Inalca, le origini dell’infrastruttura energetica

La traiettoria storica dell’infrastruttura energetica di Inalca ha inizio con la ricerca dell’efficienza. È stata una delle prime aziende del territorio emiliano a dotarsi di un sistema di cogenerazione industriale, cioè la produzione combinata, in un unico processo, di energia elettrica e calore, entrambi destinati all’autoconsumo.

Oggi dispone di dieci unità cogenerative, per un totale di oltre 16 megawatt installati. “Tra queste sono installati impianti alimentati a gas naturale e a fonti rinnovabili, in particolare biogas proveniente dagli impianti di digestione anaerobica e grassi animali colati. In questo modo il gas naturale, che costituisce la fonte fossile del sistema, viene impiegato in condizioni di alta efficienza”, racconta a Materia Rinnovabile Giovanni Sorlini, responsabile dell'area qualità, sicurezza e sviluppo sostenibile di Inalca. “Più recentemente è stata introdotta anche la trigenerazione, che rappresenta un ulteriore miglioramento dell’efficienza complessiva del sistema, in quanto consente di produrre, oltre a energia elettrica e calore, anche il freddo, ottimizzando ulteriormente i fabbisogni energetici dello stabilimento.”

Un ulteriore filone di lavoro si è concentrato sulle fonti rinnovabili, in particolare sulla produzione di biogas tramite digestione anaerobica. Il gruppo oggi dispone di sette impianti di digestione anaerobica, due di tipo industriale e cinque agricoli. “Tutti si trovano nella Pianura Padana. Quelli industriali sono a Ospedaletto Lodigiano e Pegognaga, mentre quelli agricoli si trovano presso le aziende La Marchesina in provincia di Milano, La Torre in provincia di Verona, Corticella in provincia di Modena, oltre ad altri siti della stessa area”, aggiunge Sorlini. “Al momento producono energia elettrica, ma sui più grandi si sta riflettendo su come affrontare la transizione al biometano.”

Il caso Biorg

Ai siti menzionati va aggiunto un ulteriore impianto sviluppato da Inalca in joint venture con l’utility Herambiente, situato in provincia di Modena. “Questo progetto è un esempio efficace di sinergia industriale tra aziende del territorio e di collaborazione con gli enti locali”, ci spiega Marco Di Silvestro, responsabile impianti di Biorg. “L’impianto nasce infatti dalla riconversione di un biodigestore esistente di proprietà del comune di Spilamberto, gestito da Herambiente. Senza utilizzo di nuovo suolo, grazie al know how maturato nei settori dell’economia circolare e della rigenerazione delle risorse e in seguito all’esperienza positiva del vicino biodigestore di Sant’Agata Bolognese, il Gruppo Hera ha avviato questo progetto che ha trovato risposta nella preziosa collaborazione con un’altra grande realtà del territorio, Inalca del Gruppo Cremonini.”
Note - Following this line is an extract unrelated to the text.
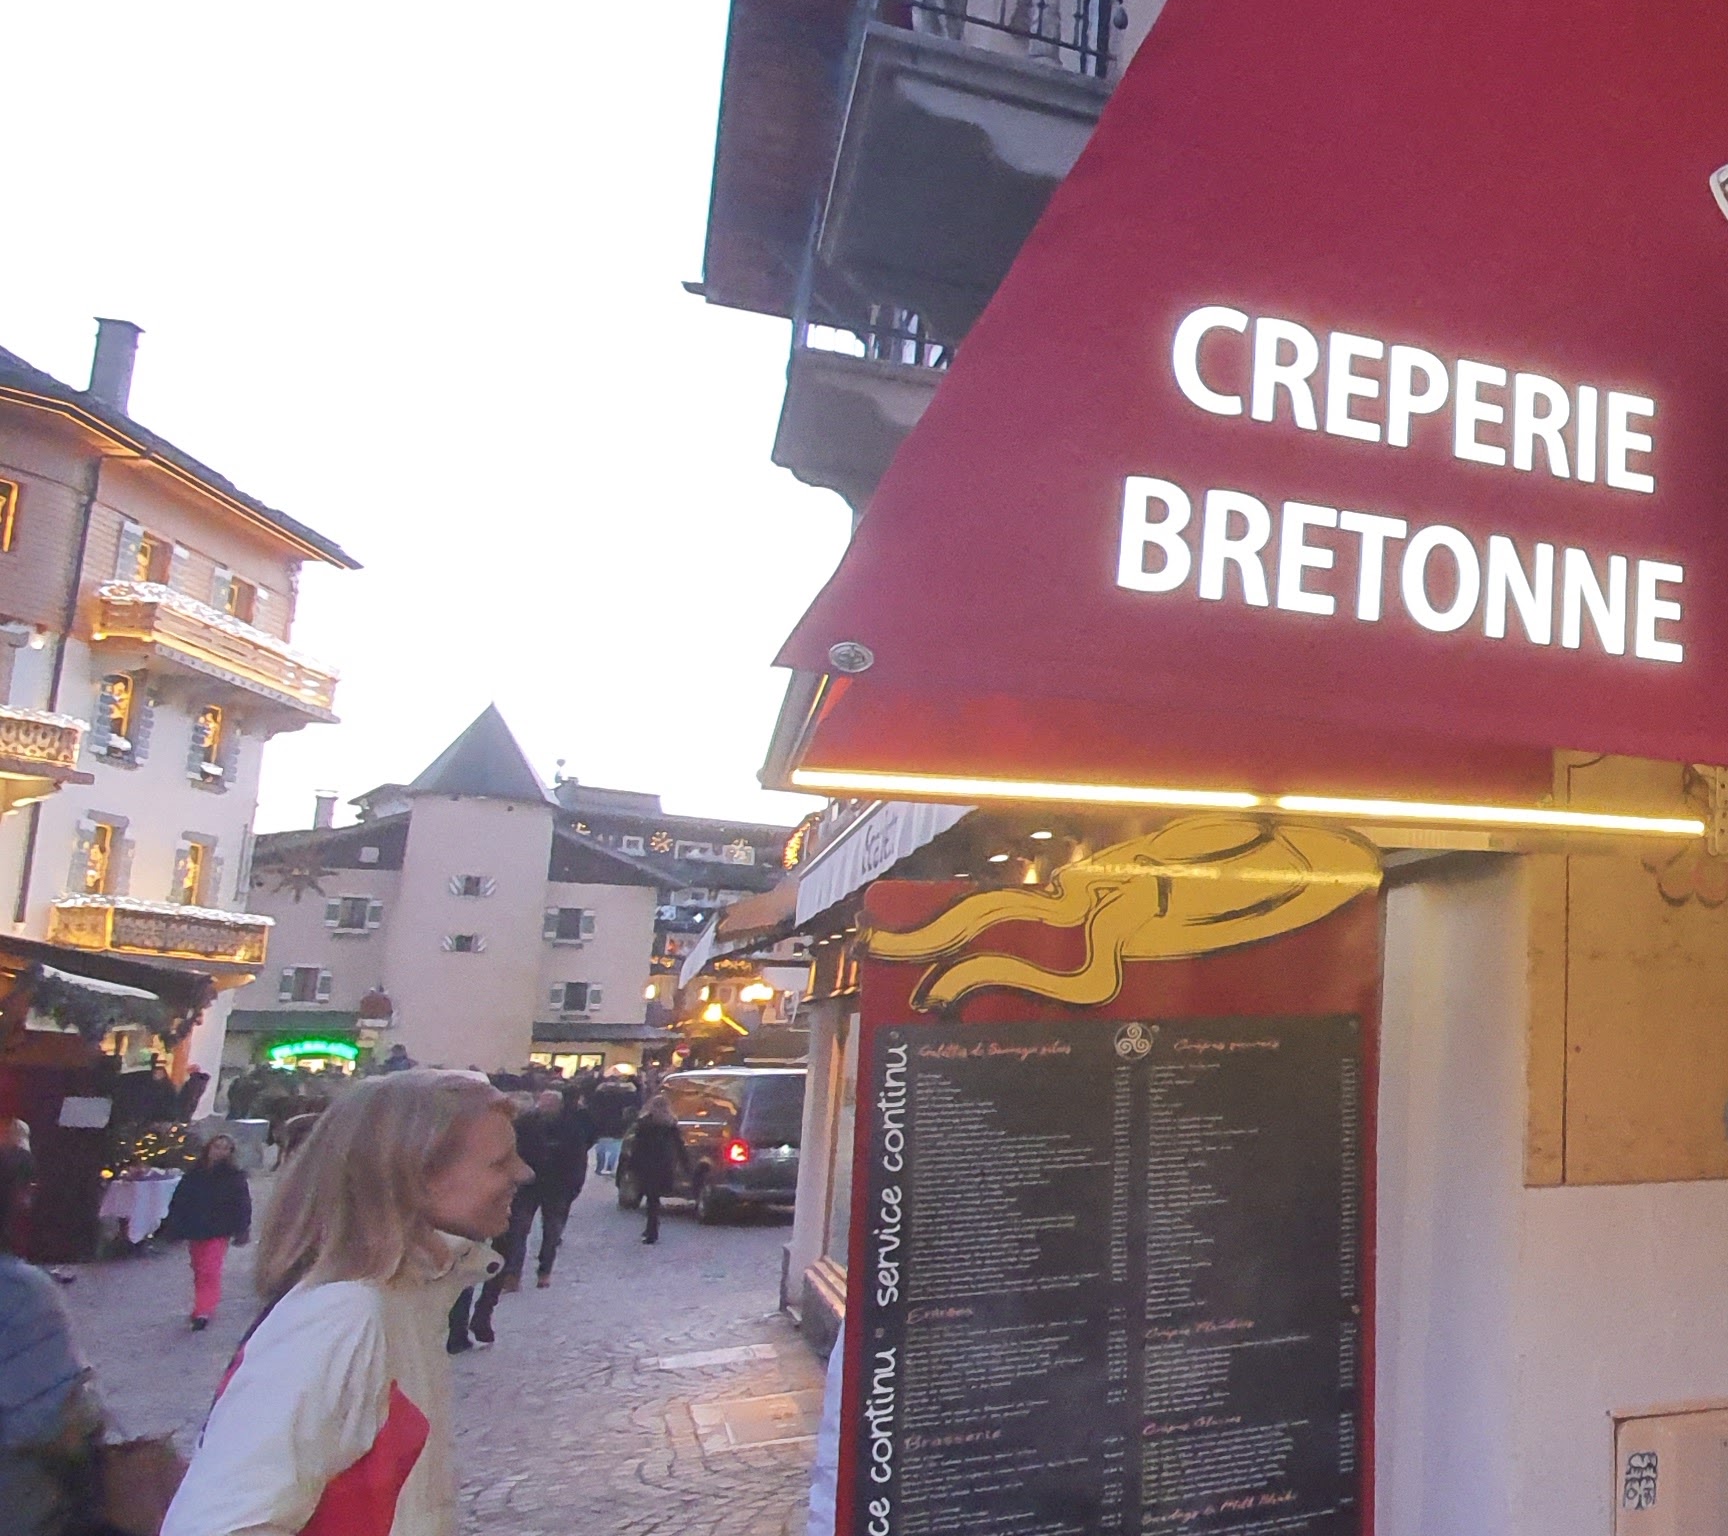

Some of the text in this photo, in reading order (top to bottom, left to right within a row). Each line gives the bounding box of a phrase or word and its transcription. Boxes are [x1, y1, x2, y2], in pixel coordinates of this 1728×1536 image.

[1172, 305, 1655, 494] CREPERIE
[1116, 474, 1684, 663] BRETONNE
[872, 1043, 908, 1308] service continu
[864, 1346, 897, 1484] continu
L’impianto può produrre fino a 3,7 milioni di metri cubi di biometano e 18.000 tonnellate di compost all’anno. Il gas naturale rinnovabile nasce grazie alla digestione anaerobica di rifiuti organici provenienti dalla raccolta differenziata di Modena e provincia, dagli scarti dell’industria agroalimentare locale e dai processi produttivi di Inalca. Una volta raffinato, il biometano entra nella rete gas, diventando combustibile rinnovabile per il trasporto pubblico e privato.
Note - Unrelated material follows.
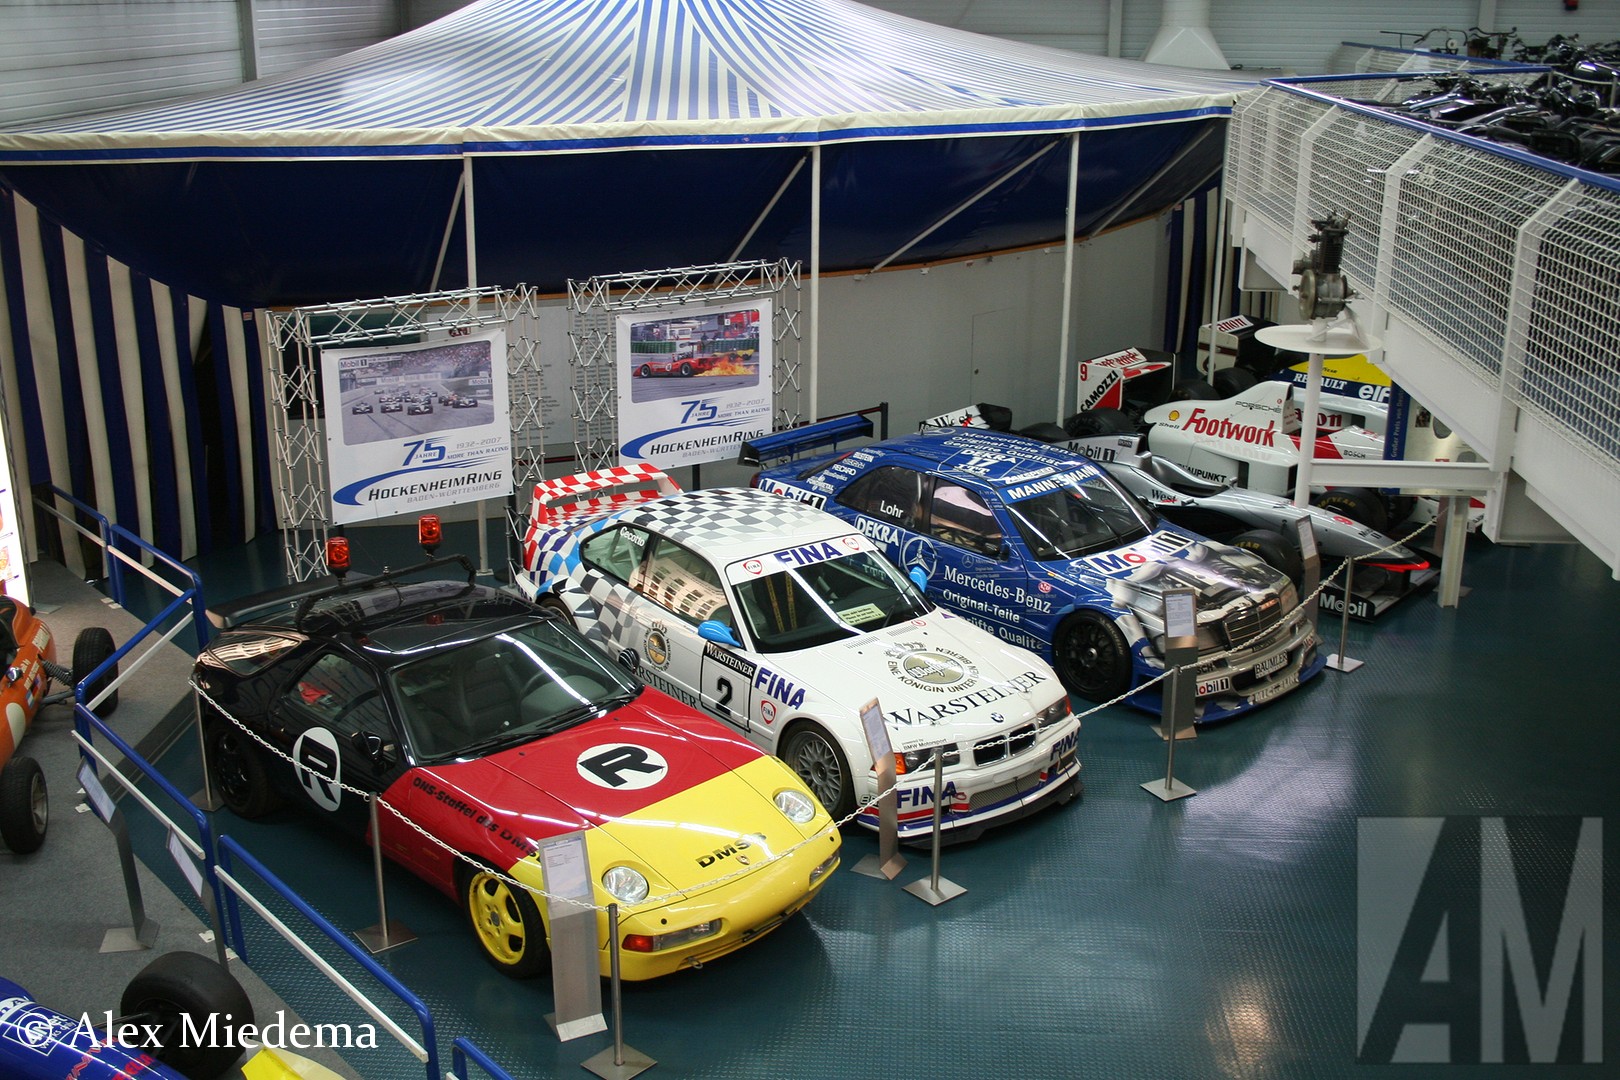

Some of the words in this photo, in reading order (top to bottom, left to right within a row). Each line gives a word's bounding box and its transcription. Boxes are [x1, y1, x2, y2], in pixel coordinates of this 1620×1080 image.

Le nuove prospettive, dall’autoconsumo alla CO₂

Grazie alle condizioni di mercato favorevoli, Inalca negli anni ha investito anche nel fotovoltaico, puntando in particolare sull’autoconsumo. Attualmente sono operativi 23 impianti fotovoltaici installati sui tetti di vari stabilimenti per una potenza complessiva superiore ai 19 megawatt. “La genesi di questa rete energetica è stata pensata sia per l’autoconsumo sia per sfruttare gli incentivi sulla produzione elettrica introdotti circa quindici anni fa”, continua Sorlini. “Oggi, però, in un contesto di calo dei contributi pubblici, la produzione è prevalentemente dedicata all’autoconsumo. Anche sul fronte del biogas, il nuovo quadro di incentivazione per la produzione di energia elettrica rappresentato dalla normativa FER2 non risulta particolarmente attrattivo. L’obiettivo del gruppo è quindi quello di concentrarsi sulla transizione al biometano, avendo come obiettivo primario sempre l’autoconsumo dell’energia prodotta.”

Ma cosa significa? “In ambito industriale, produrre biometano permette di ridurre l’impronta di carbonio degli stabilimenti senza stravolgere la struttura energetica esistente, ancora basata sulla cogenerazione, alimentandola con una quota crescente di gas rinnovabile. La strategia è particolarmente rilevante per chi rientra nel sistema ETS (Emission Trading Scheme) e lo sarà ancor di più con il nuovo ETS2, che estenderà gli obblighi di acquisto di quote di CO₂ a più imprese. In questo scenario, l’autoproduzione e l’autoconsumo di biometano diventano uno strumento chiave per aumentare l’autonomia energetica e contenere i costi”, spiega Sorlini, aggiungendo che in ambito agricolo, la prospettiva è forse meno tecnica ma più interessante. “La produzione di gas rinnovabile può guidare la transizione delle aziende agricole, ancora dipendenti dai combustibili fossili, alimentando macchine e mezzi agricoli con combustibili rinnovabili. La produzione di biometano comporta la produzione di CO₂ che viene generata come sottoprodotto di questo processo. Può essere recuperata e riutilizzata, ad esempio come gas refrigerante o per il confezionamento, sia all’interno del gruppo sia a livello locale, supportando altri stabilimenti che ne hanno bisogno.”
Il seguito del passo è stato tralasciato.